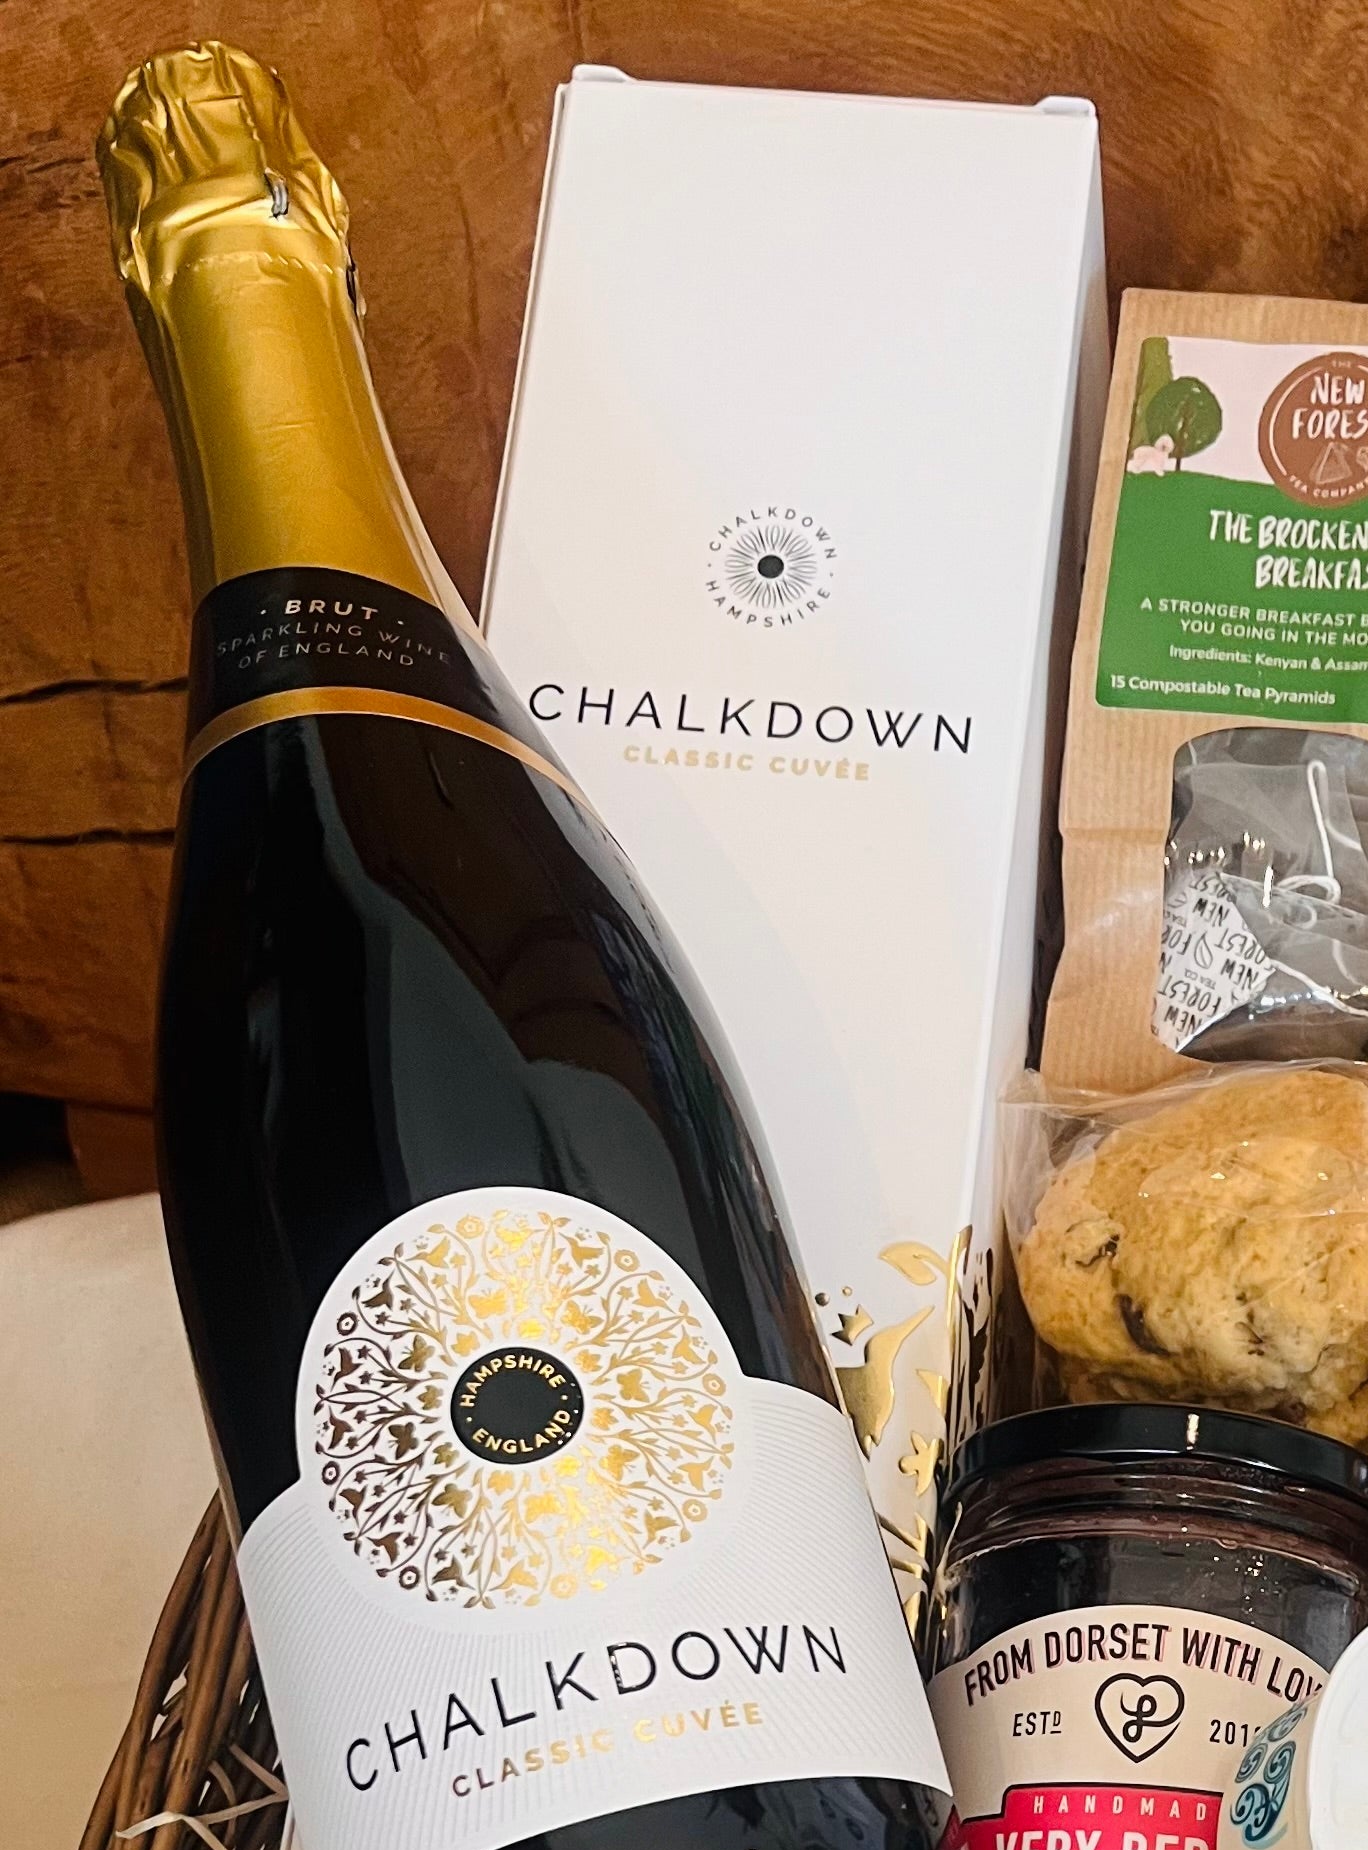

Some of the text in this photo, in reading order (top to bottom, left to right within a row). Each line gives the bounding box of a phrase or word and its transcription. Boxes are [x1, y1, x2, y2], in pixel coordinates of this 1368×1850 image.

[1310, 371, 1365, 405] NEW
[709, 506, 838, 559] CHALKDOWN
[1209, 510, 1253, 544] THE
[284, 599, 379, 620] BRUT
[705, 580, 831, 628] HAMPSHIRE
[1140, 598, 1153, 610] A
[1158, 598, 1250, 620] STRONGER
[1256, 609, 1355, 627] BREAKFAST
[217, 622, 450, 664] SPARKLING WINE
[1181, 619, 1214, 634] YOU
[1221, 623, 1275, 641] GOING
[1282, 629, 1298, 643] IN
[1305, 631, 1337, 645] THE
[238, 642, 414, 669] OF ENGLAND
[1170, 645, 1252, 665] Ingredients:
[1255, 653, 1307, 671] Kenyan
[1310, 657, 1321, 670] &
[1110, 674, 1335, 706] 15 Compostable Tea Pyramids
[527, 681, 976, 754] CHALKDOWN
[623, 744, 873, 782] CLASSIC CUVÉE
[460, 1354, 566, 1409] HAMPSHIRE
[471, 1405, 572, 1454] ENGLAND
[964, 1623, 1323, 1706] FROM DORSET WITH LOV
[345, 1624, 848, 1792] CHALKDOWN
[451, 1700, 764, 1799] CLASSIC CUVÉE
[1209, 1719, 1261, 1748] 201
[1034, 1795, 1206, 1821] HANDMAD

• **Exercise**
In your copy of the listing, please omit the pictures and keep every word exact.

• **Output for this task**
Some of the text in this photo, in reading order (top to bottom, left to right within a row). Each line gives the bounding box of a phrase or word and its transcription. Boxes are [x1, y1, x2, y2], in pixel coordinates of this 1368×1850 image.

[1310, 371, 1365, 405] NEW
[709, 506, 838, 559] CHALKDOWN
[1209, 510, 1253, 544] THE
[284, 599, 379, 620] BRUT
[705, 580, 831, 628] HAMPSHIRE
[1140, 598, 1153, 610] A
[1158, 598, 1250, 620] STRONGER
[1256, 609, 1355, 627] BREAKFAST
[217, 622, 450, 664] SPARKLING WINE
[1181, 619, 1214, 634] YOU
[1221, 623, 1275, 641] GOING
[1282, 629, 1298, 643] IN
[1305, 631, 1337, 645] THE
[238, 642, 414, 669] OF ENGLAND
[1170, 645, 1252, 665] Ingredients:
[1255, 653, 1307, 671] Kenyan
[1310, 657, 1321, 670] &
[1110, 674, 1335, 706] 15 Compostable Tea Pyramids
[527, 681, 976, 754] CHALKDOWN
[623, 744, 873, 782] CLASSIC CUVÉE
[460, 1354, 566, 1409] HAMPSHIRE
[471, 1405, 572, 1454] ENGLAND
[964, 1623, 1323, 1706] FROM DORSET WITH LOV
[345, 1624, 848, 1792] CHALKDOWN
[451, 1700, 764, 1799] CLASSIC CUVÉE
[1209, 1719, 1261, 1748] 201
[1034, 1795, 1206, 1821] HANDMAD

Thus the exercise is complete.